I wrote a write up for eRubyCon 2008 Day 1 and eRubyCon 2008 Day 2.
*Update – I added pictures…*
I’m sitting in the back of day 3 reflecting on the previous two days. It’s amazing the group of people that Joe has put together here to speak on Ruby in the enterprise.
– Joe O’Brien started up the day with his DSL talk. I’ve heard the talk before but it’s still a fantastic talk. His sub-title on the talk “Why I love Ruby”. I like to add “(and Emacs chest thumping)” but that’s me… 🙂
I’m not going to explain DSLs here because I wrote about them after hearing this talk the first time at https://joshholmes.com/2008/04/25/DomainSpecificLanguagesDSL.aspx.
Honestly, part of what is so great about the talk is that Joe is just infectious in his passion and delivery. He, like a lot of great speakers, is a story teller. He told stories that ranged from past work in tech to past work prepping food displays for a cruise liner.
One of the stories that he told was about a large company that he did some consulting work for. They realized that the core issues at the company really came down to two people being able to communicate – a DBA and an Accountant. The issue was that they weren’t speaking the same language. One was speaking in rows, columns, triggers, sprocs and so on. The other was speaking in points, rates, forecasts and so on. The solution was to write an ORM that the accountant could understand that the DBA could work with. This came in the form of a DSL.
The food story was that the great sculptures on the table displays are actually food – not really edible but food non-the-less. It’s made from refined beef fat. There are many different forms, some softer and more moldable and some closer to marble than clay, and depending on what was needed, the master sculpture would pick a different form. Similarly, Joe picks a language that he can shape and mold to his needs. That’s what Ruby is for him.
Back to Emacs, one of the reasons that Joe loves Emacs is that you can shape the commands and key-bindings and the whole environment to shape your way of working rather than the other way around. I’m still not convinced. My biggest problem with Emacs is that the learning curve before you can be even mildly productive is giant. I understand that once you climb that mountain that the view is nice. I’m just not convinced that the incremental jump over my current tools will be enough to be worth it.
Interested in the talk? You can watch it from when Joe did it at the Mountain West Ruby conference.
– Chris Wanstrath followed Joe with a talk about GitHub. They have taken the Git source control and given it a centralized source server. The reality, as he explained it, with Git is that every person has a full blown copy of the repository. The interesting part is that people can go client to server or they can go peer to peer or any combination that you can possibly imagine. When they want to make a change, they actually fork the project.
Especially with the Git peer to peer checkins, it’s actually not a checkin. Nobody actually has write access to anyone else’s Git repository. When they are ready, they let the other devs know that they should pull and merge. They way that it works all the way up the list is that there are devs that make changes who let the project managers know that they should pull.

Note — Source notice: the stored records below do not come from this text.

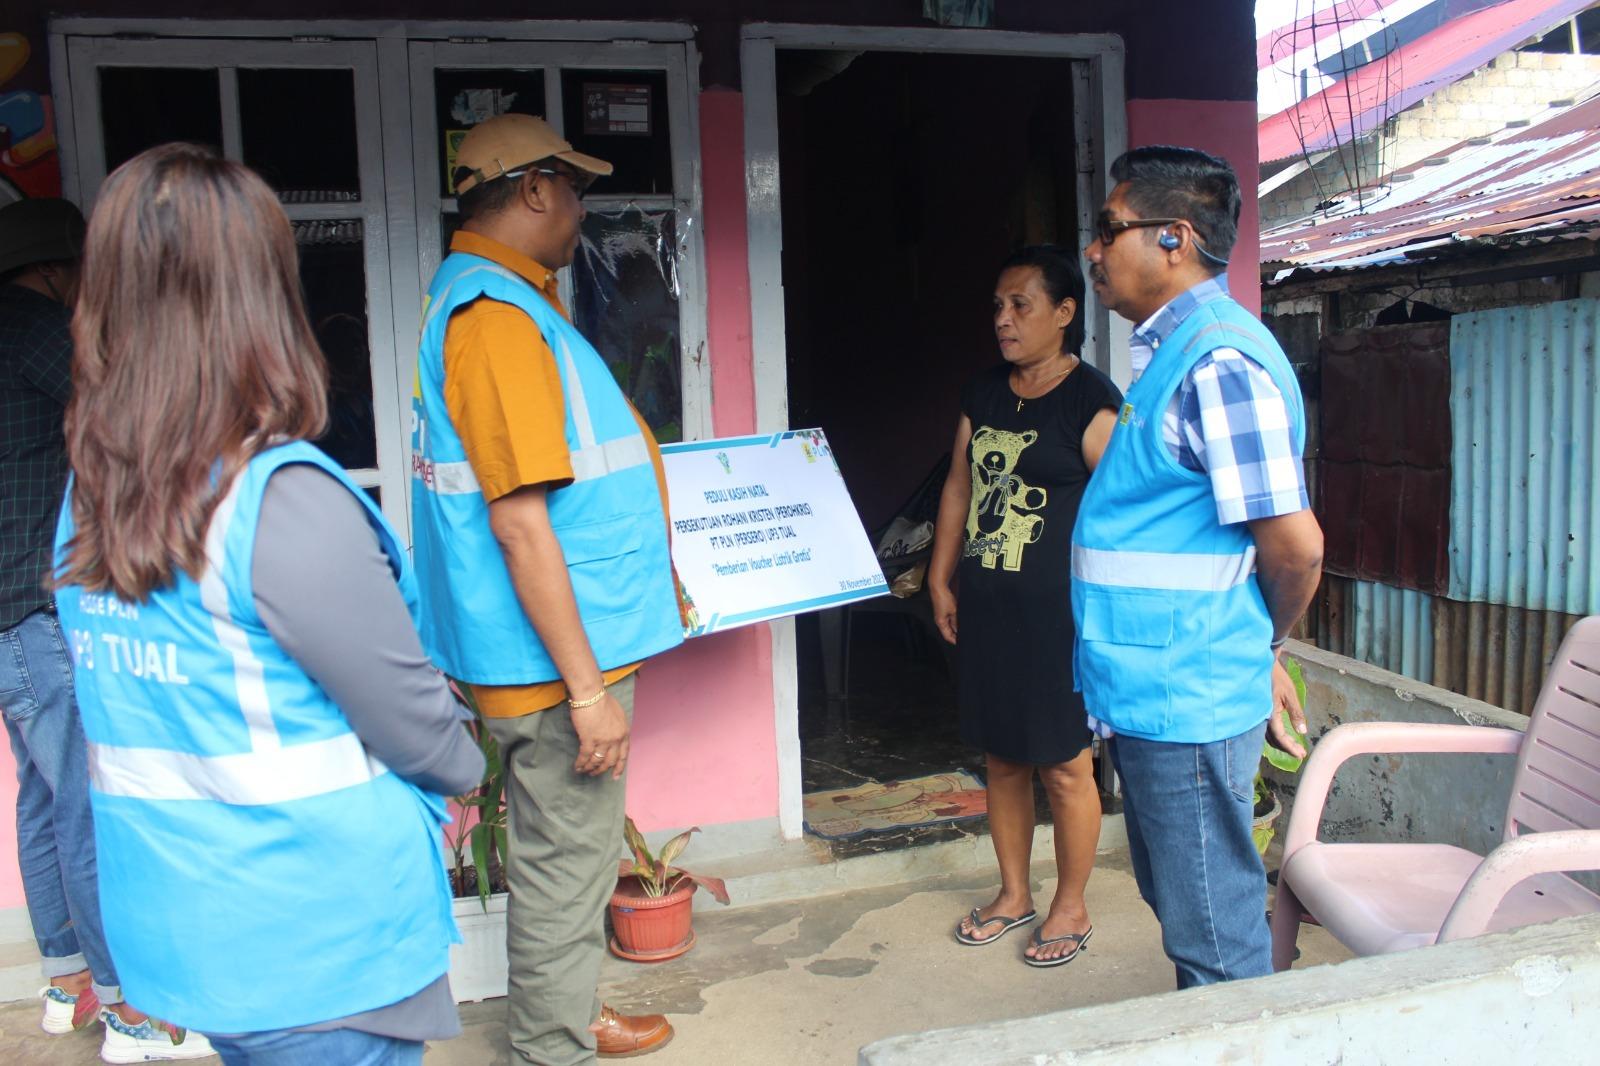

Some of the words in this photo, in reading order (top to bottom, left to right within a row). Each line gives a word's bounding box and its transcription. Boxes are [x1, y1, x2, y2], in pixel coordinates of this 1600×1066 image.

[704, 489, 729, 504] PEDULI
[728, 486, 748, 501] KASIH
[748, 484, 769, 498] NATAL
[674, 515, 722, 534] PERSEKUTUAN
[722, 511, 749, 527] ROHANI
[749, 507, 775, 523] KRISTEN
[774, 502, 813, 521] (PEROHKRIS)
[709, 536, 720, 550] PT
[718, 533, 734, 549] PLN
[733, 529, 768, 548] (PERSERO)
[766, 527, 780, 541] UP3
[779, 525, 797, 539] TUAL
[748, 556, 773, 571] Voucher
[772, 550, 792, 566] Listrik
[846, 576, 872, 589] November
[102, 633, 189, 684] TUAL
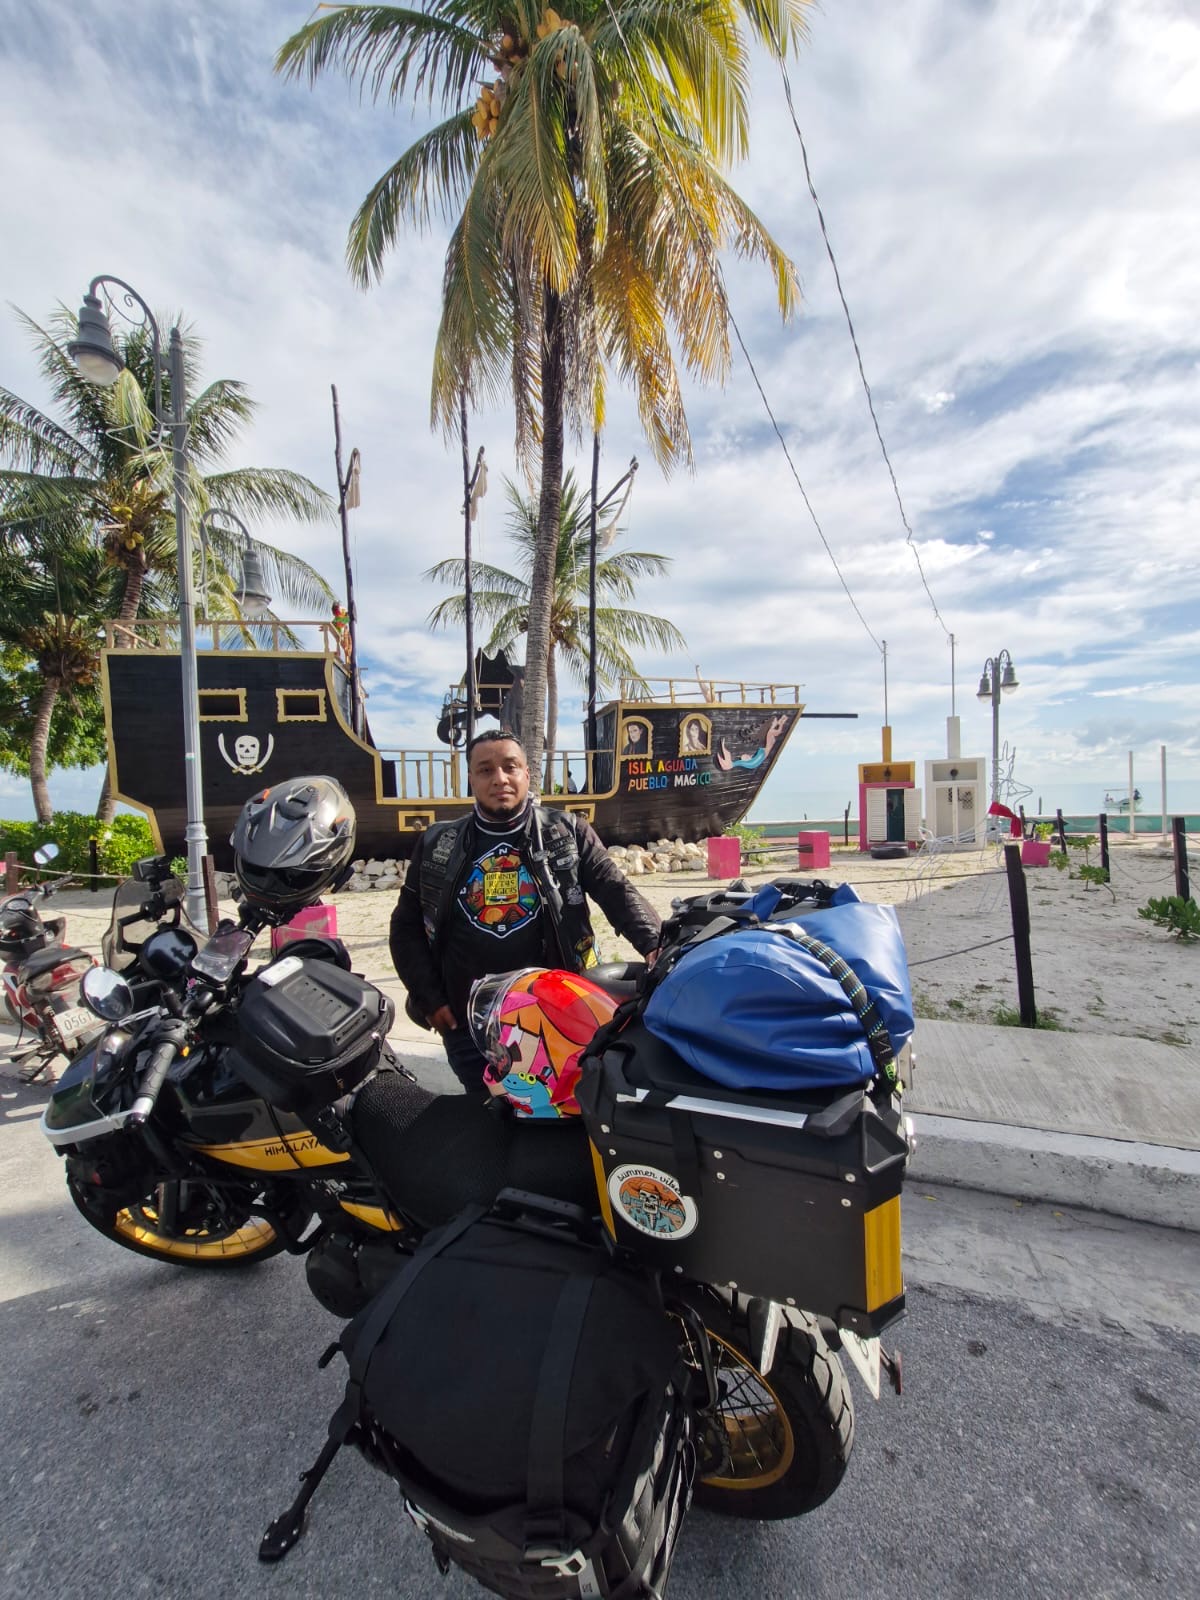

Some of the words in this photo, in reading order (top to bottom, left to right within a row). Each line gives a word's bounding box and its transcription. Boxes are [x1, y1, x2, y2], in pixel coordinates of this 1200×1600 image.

[628, 760, 653, 775] ISLA
[657, 758, 698, 773] AGUADA
[628, 775, 668, 792] PUEBLO
[673, 771, 711, 788] MAGICO
[498, 847, 508, 855] N
[497, 924, 507, 932] S

That project manager is the “blessed version”.
The simplest explanation of GitHub is that it gives the individual programmer an offsite repository so that they don’t have to be online when the other members want to make a pull.

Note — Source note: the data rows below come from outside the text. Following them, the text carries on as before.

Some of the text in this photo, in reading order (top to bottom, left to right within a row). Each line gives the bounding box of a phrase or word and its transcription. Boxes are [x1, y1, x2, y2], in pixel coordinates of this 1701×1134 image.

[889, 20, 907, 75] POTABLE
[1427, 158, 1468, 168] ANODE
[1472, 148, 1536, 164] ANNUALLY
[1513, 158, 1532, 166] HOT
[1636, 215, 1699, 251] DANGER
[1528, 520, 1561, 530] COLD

– Jim Weirich did the lunch time keynote called “What the Enterprise Can Learn From Your Mom”. In the spirit of the previous talk, he told us that all of his slides were up on GitHub already. He started out talking about Moores law. The first thing that he points out is that the number of transistors on the chip doesn’t mean that the chips will be faster – it might, and does in current times, mean that we get more cores. There’s a possibility of 100 core processors in the near future. Similar to our moms, we will have to learn how to do more and more things at one time. The fun part is that most people don’t know how to write multi-threaded applications… Jim went on to do a fantastic explanation of race conditions and threading at large. Somewhere in here I missed part of the talk trying to track down why the air-conditioning was not on. As I walked back in Jim was telling war stories about collecting real time data off of a jet engine in a multi-threading system. They designed a system that would only fail one in a million times – except that it was collecting data about a million times a day – oops. They had designed the system to fail once a day. Back to the drawing board…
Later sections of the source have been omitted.